No início da década de 70, Clint Eastwood e Richard Burton apareceram no grande ecrã do Cinema São Mamede para gáudio de uma sala cheia. Para Gracinda Ferreira, foi uma sessão especial. Não tanto pelo épico Desafio das Águias naquele dia a ser projetado, mas porque foi a primeira de muitas projeções a que assistiu. A atenção nunca podia ser total: não era uma mera espetadora. É que com pouco mais de 20 anos, começou a trabalhar na casa. “Era maravilhoso, era lindo”, relembra.

“Lindo” vai pontuando as lembranças dos tempos idos. A sala era “linda”, a tribuna era “linda”, os filmes eram “lindos”. Ficou a saudade. “Cindinha” não entrava nesta casa há décadas. Fê-lo na véspera em que o antigo Cinema São Mamede faria 50 anos. Em 24 de Junho de 1971, para funcionar como sala de cinema, o São Mamede ocupa um edifício emblemático no centro da cidade de Guimarães.

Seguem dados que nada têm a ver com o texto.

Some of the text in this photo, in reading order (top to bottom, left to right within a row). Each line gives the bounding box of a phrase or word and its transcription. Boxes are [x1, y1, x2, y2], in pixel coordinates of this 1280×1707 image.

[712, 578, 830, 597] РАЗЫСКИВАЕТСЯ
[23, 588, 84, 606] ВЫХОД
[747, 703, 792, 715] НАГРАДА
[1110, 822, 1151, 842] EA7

Nessa altura, Gracinda Ferreira começa o percurso nos bastidores. O cinema foi segunda casa durante quase quatro décadas e garantiu-lhe um epíteto: “Gracinda do Cinema”.

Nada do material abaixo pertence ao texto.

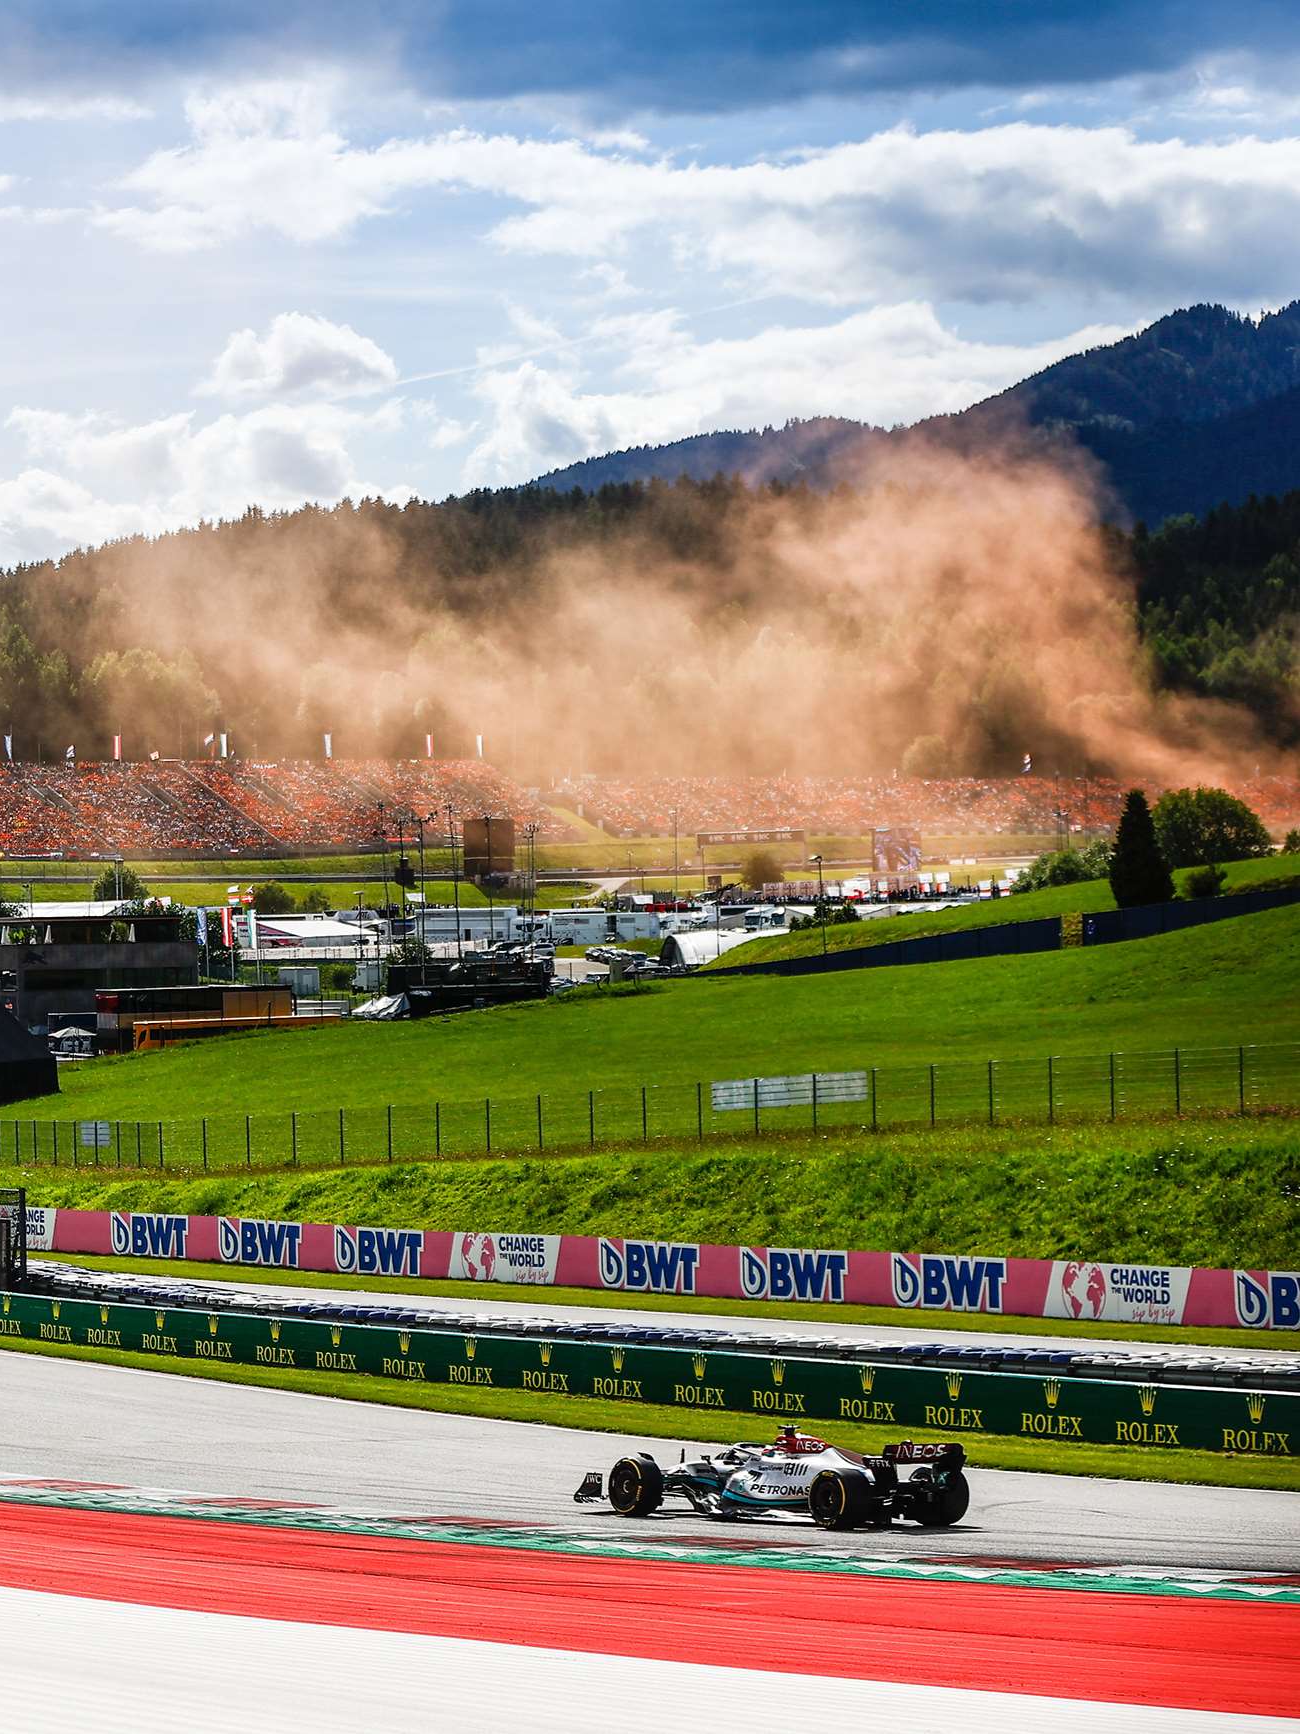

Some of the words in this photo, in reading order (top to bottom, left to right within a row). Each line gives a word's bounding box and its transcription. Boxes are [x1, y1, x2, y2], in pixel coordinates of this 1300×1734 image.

Com 70 anos feitos, optou por pautar com alguma distância a relação com o edifício na Rua Dr. José Sampaio. Conversa com o Jornal de Guimarães em pleno palco de espetáculos: “Eu não entrava nesta casa porque tinha pena do que aconteceu. Não era só pena, tinha revolta por terem fechado a casa. Havia aqui espetáculos a que podia vir, mas nunca vim. Passava [pelo edifício] e arrepiava-me. Não sei como entrei hoje aqui nesta casa”, confessa.

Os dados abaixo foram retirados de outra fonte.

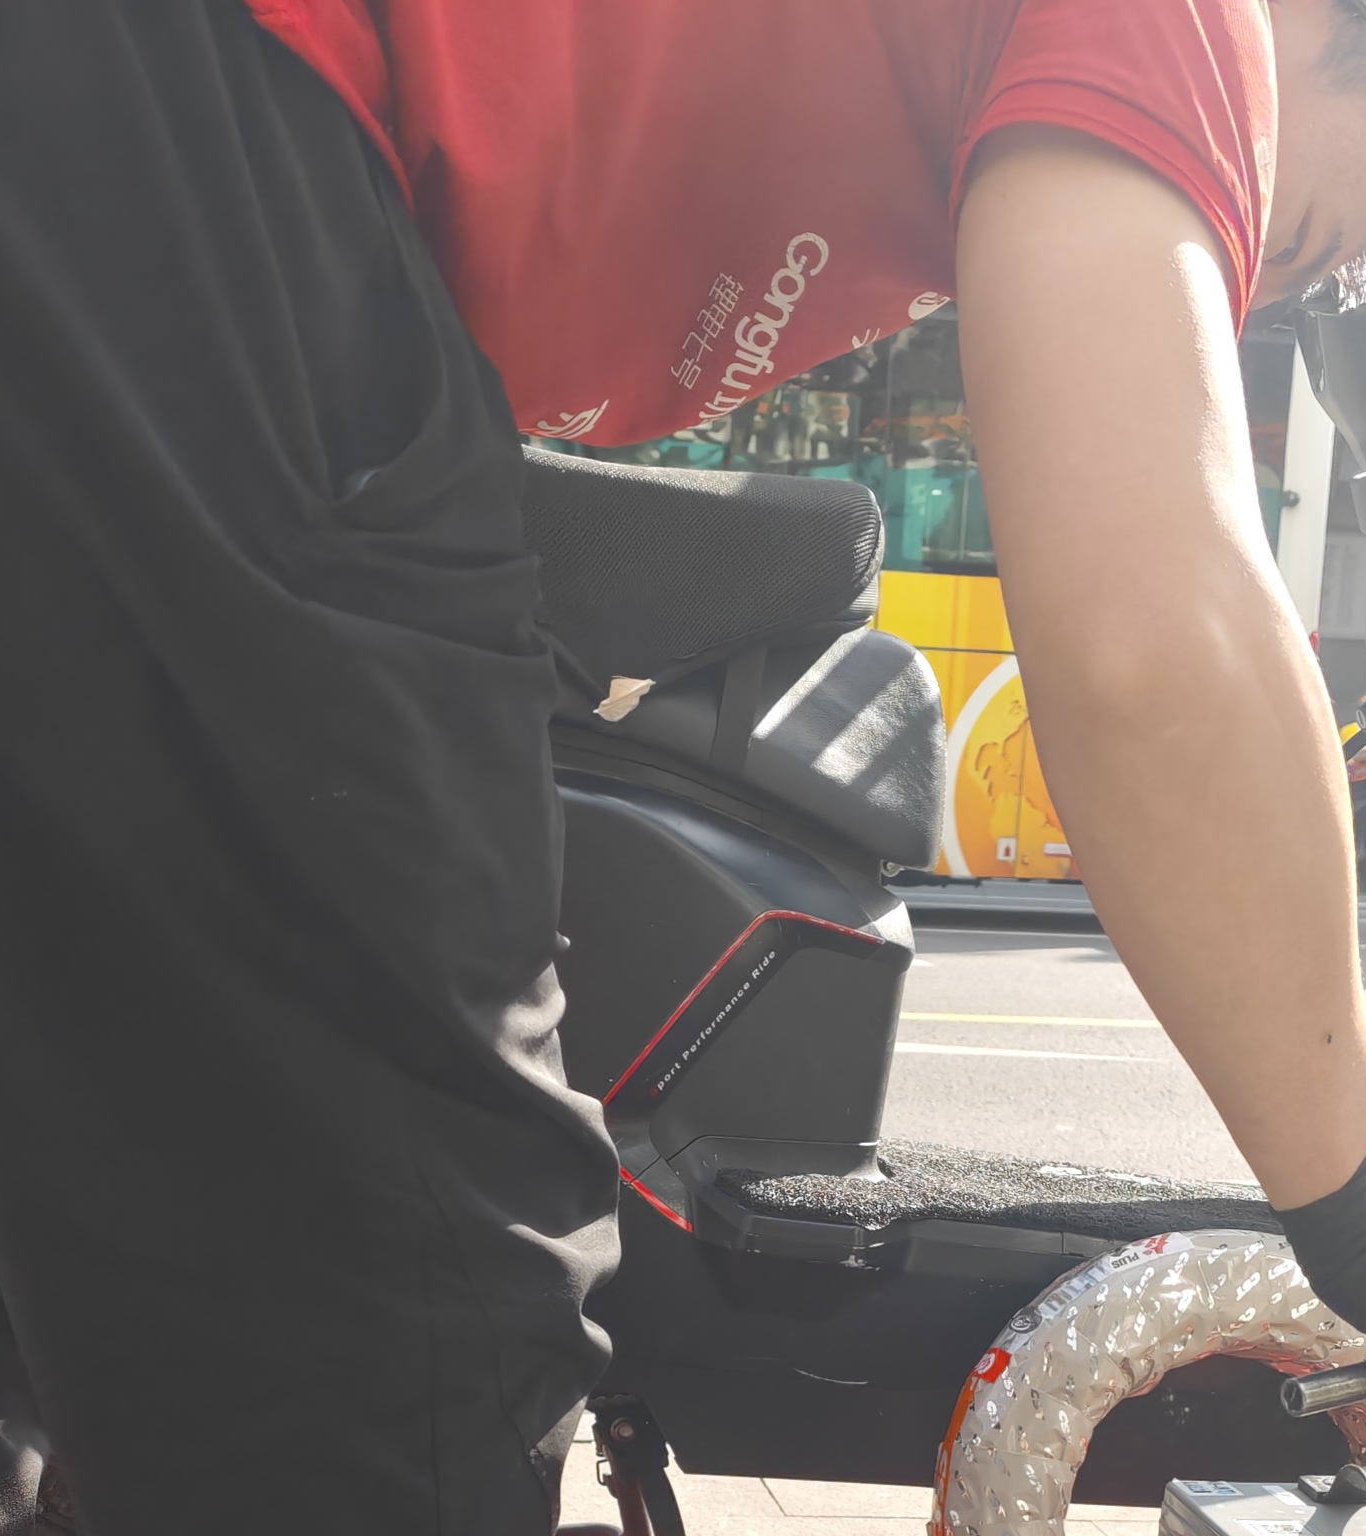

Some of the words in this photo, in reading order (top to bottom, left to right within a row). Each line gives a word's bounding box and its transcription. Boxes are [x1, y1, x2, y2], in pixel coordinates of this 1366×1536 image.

[670, 272, 744, 390] 锂电七号
[720, 231, 830, 391] Gongfu
[650, 1062, 681, 1097] port
[682, 981, 751, 1061] Performance
[751, 950, 776, 980] Ride

Entrou. E mal afastou a cortina preta que esconde a sala de espetáculos, a primeira exclamação: “Ai, isto está tão diferente!”. Há décadas, entrava no mesmo espaço grávida e com trabalho para fazer: começou por guiar os espetadores aos lugares – inclusive os que se sentavam na tribuna –, passou pelo bengaleiro e acabou na máquina das pipocas. A atenção redobrada ao milho não a deixava seguir com a mesma atenção a trama que se desenrolava no grande ecrã. Embora, “numa ocasião”, estava “tão atenta, mas tão atenta” que não deu para ouvir o patrão chegar. Surpreendida, dá “um grito”. O filme reconstruído pela memória faz parte das “recordações boas” que guarda daquele anfiteatro; há outras, confessa, que prefere esquecer.

A bordo do São Mamede

Os anos passaram e a reputação cresceu. “Ainda agora sou conhecido pela Cindinha do Cinema. Tinha 20 e poucos anos, agora tenho 70. Os que passaram por aqui agora são médicos, reformados”, enquadra. Recorda quando, em jeito de súplica, para ver as estreias mais badaladas, lhe perguntavam por ingressos. Dizia: “Não posso, mas diga que vai a mando da Cindinha que lá se arranja um bilhetinho”. A “malta” lá se amontoava, apeada nos escadarias.

A plateia enchia porque “o povo gostava da casa”. “Mais moderno” do que o Teatro Jordão – que ingressou no mundo da sétima arte em 1938 –, o São Mamede mostrou ao que vinha logo na inauguração. “Foi muito lindo, ainda me lembro que estávamos vestidas como as hospedeiras dos aviões”, evoca.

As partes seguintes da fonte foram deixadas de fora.